Christina Chehade is the managing director at Endeavor Lebanon
Lebanese designers have been rising in the ranks, dominating international Fashion Weeks, red carpets and catwalks for decades. In addition, many successful fashion businesses have been established in recent years, positioning Lebanon as a creative hub.
However, rising through these ranks is much more challenging for these designers than it seems. The brands that have made headlines are considered an exception and many local aspiring talents are struggling to succeed. Investigating this further, we found that it is primarily due to weaknesses in the local fashion ecosystem that have not received the attention they deserve. The main challenges voiced by various designers and industry professionals that are pertinent throughout the journey of the designer include branding, supply chain, financing and tech advancements.
To expand on this issue, Endeavor Lebanon, together with the Beirut Digital District, gathered industry professionals to understand the changing fashion landscape, and to propose solutions for the challenges that exist.
The Brand at the Core
Of course, behind every successful fashion label is a visionary designer, backed by a team of skilled professionals who together, can realise the vision. The experts first emphasised the importance of developing the designers’ creativity, mentoring them to develop a unique brand that would ultimately help them build their story and grow. While the industry requires the right support to help designers scale on numerous fronts, the core challenge is inspiring creativity.
Experts who gathered at the roundtable discussion pointed to the importance of authenticity and the unique story told by each designer as pillars of the business, which could determine its scalability as a result.
Strengthening the Supply Chain
In addition, there is a need to encourage more industrialists to enter the fashion sector and build factories as a means to attract the right talent needed for the designers to successfully produce that brand. This ultimately creates more jobs and contributes to growing the Lebanese economy.
To date, only a handful of Lebanese designers have managed to penetrate international markets and gain access to specialised production facilities in these markets, such as France and Italy.
During the roundtable discussion, Rabih Kayrouz, founder of Maison Rabih Kayrouz emphasised the need to build factories that cater to fashion production needs as a first step. He mentioned that one of the reasons for which Italy and France are leading in this field is because they have the industrial know-how. However, it is up to the country to encourage fashion industrialists by financing and building factories. He suggested that the Lebanese should work towards opening factories and bringing experienced people from abroad to train the local talent. He believes this could become sustainable within a couple of years.

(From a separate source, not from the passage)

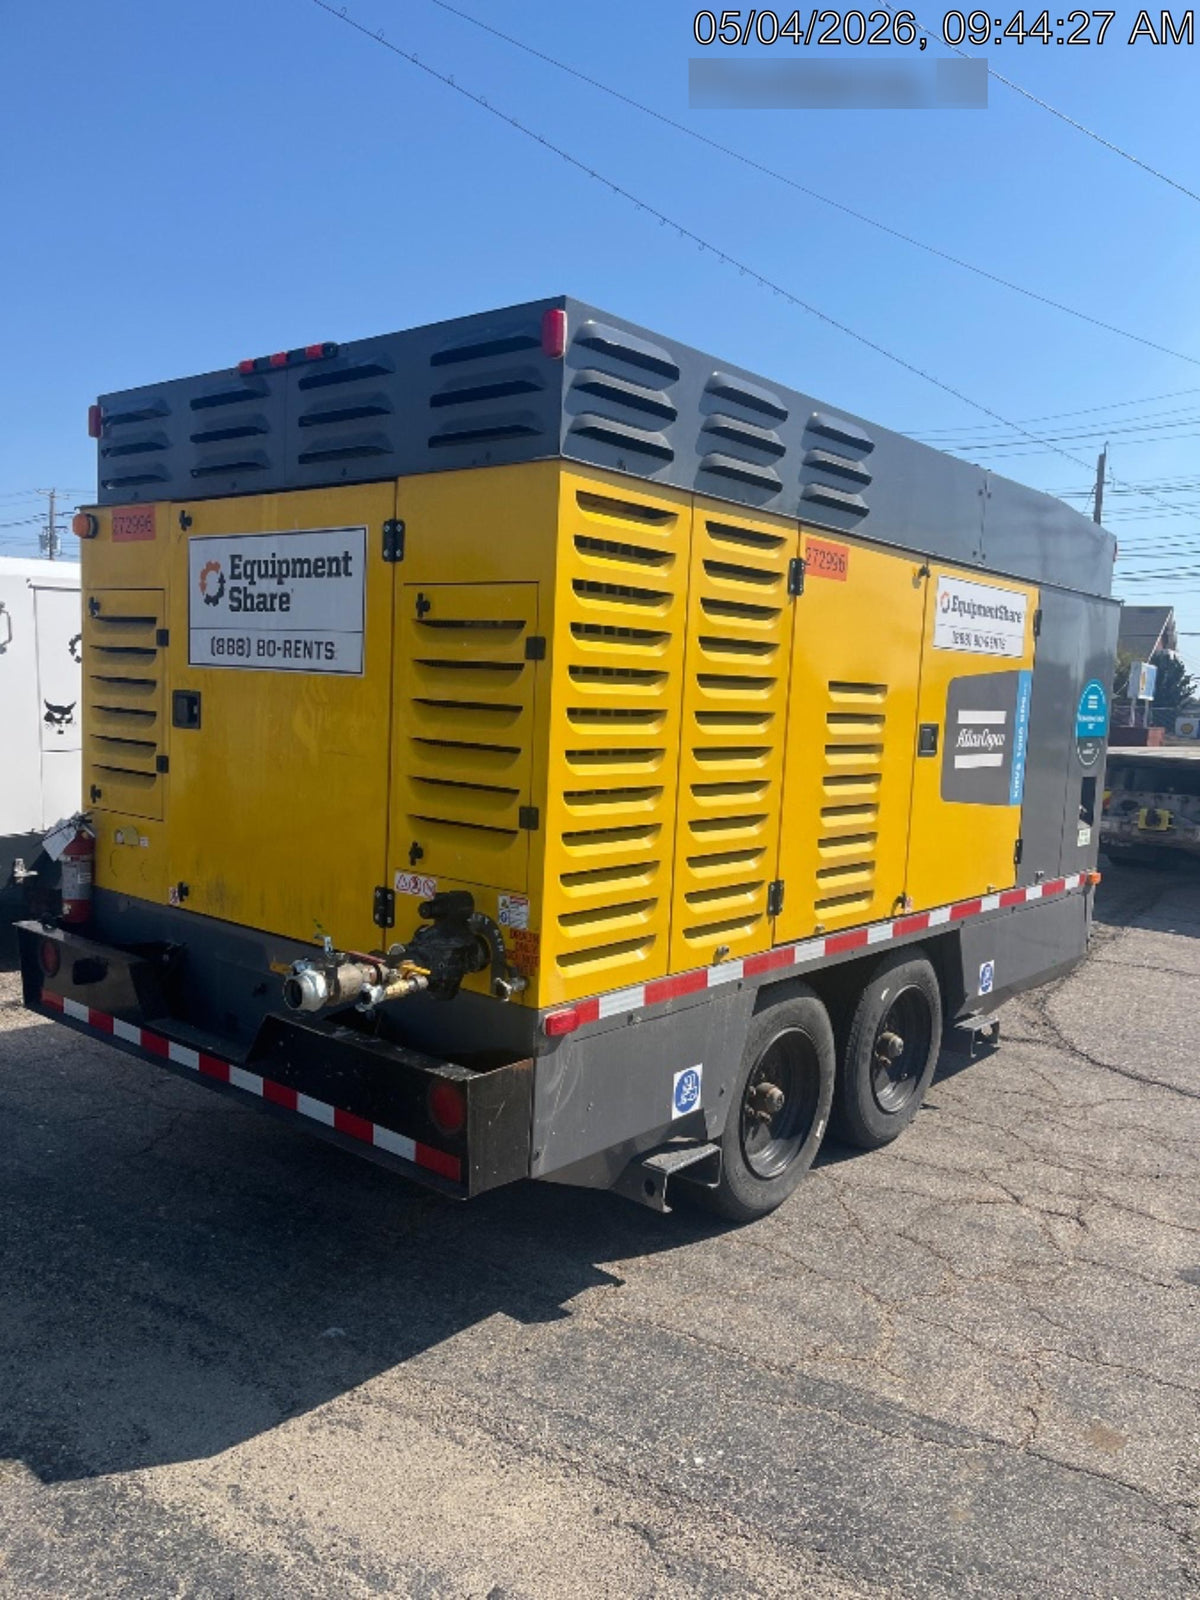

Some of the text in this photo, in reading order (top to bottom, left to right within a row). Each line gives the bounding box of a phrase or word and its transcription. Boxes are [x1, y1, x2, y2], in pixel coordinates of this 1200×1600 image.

[228, 550, 353, 585] Equipment
[805, 546, 846, 574] 272996
[228, 586, 292, 613] Share
[210, 635, 338, 661] (888) 80-RENTS

“There is a certain conflict today when the designer goes to a small factory and has a limited production choice…it affects the final product,” said Kayrouz.
With the rapid advancements in technology, many have been unable to adapt fast enough, especially compared to the international scene. There are many technological tools that are disrupting the fashion and luxury industry globally, representing a great opportunity for fashion designers on the one hand as they need to leverage this technology to grow; and technology players on the other hand to develop this technology.

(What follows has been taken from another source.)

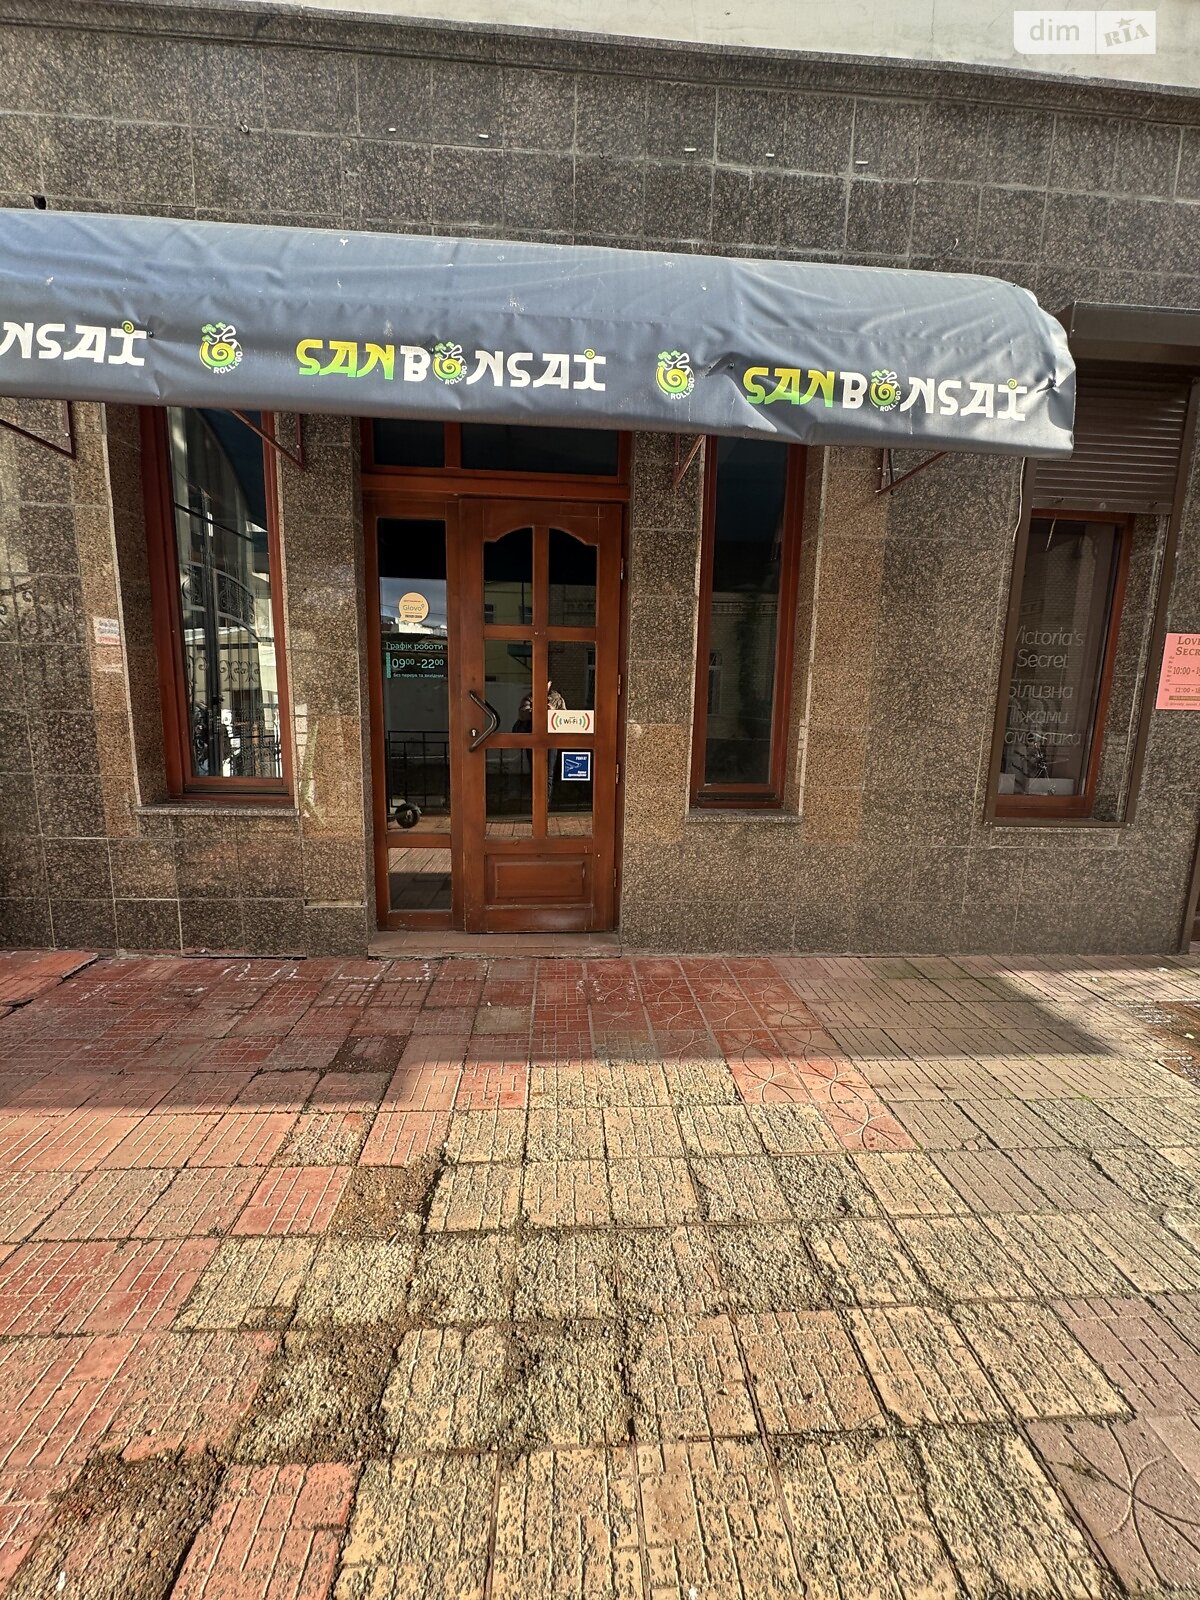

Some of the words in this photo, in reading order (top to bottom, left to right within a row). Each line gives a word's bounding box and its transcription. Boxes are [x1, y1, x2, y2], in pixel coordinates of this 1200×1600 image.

According to Edward Sabbagh, managing director at Farfetch Middle East, the online and offline worlds should not be disconnected, they need to co-exist. In reference to a Bain & Company Luxury Goods Worldwide Market Study 2018, Sabbagh said, “The two worlds need to merge seamlessly and the traditional retail world needs to develop. Online luxury e-commerce represented 10 per cent of the luxury market but is expected to grow to 25 per cent by 2025. This means that the growth in the industry will predominantly come from the online channels, but it also means that brick and mortar is here to stay”.
Financing the Ecosystem
Another weakness in the ecosystem is the lack of financial support for the industry.
Once designers are poised for growth, they need more support from investors, banks and other private and public institutions to develop incentives to grow this sector in Lebanon.

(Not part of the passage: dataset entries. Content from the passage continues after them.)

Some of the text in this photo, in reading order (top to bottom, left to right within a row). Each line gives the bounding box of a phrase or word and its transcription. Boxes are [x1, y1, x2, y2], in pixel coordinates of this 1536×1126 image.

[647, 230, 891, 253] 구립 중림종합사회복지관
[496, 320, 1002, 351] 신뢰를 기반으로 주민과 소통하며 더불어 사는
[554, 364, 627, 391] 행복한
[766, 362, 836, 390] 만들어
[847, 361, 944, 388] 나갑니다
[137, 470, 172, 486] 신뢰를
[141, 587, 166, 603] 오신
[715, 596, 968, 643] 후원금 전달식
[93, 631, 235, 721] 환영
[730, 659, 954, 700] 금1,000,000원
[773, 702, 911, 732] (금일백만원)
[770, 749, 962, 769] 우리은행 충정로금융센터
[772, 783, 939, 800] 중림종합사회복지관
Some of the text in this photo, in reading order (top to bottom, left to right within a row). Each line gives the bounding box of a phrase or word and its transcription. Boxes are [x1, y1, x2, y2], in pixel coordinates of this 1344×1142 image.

We will only see the growth and success of Lebanese designers once we begin to address the main challenges that they face starting with the brand itself, the supply chain, financing opportunities, and finally, tech advancements.
All participants of this discussion included: Christian Daccache, Founder of Bureau Des Créateurs (BDC), Christina Chehade, Managing Director of Endeavor Lebanon, Delphine Eddé, Co-Founder of Diwanee, Edward Sabbagh, Managing Director of Farfetch for the Middle East, Gonçalo Cruz, Co-founder of Platforme, Stephanie Abi Abdallah, Programs Director of Beirut Digital District, Nadim Chammas, Founder of Fashion Next Door and Rabih Kayrouz, Founder of Maison Rabih Kayrouz.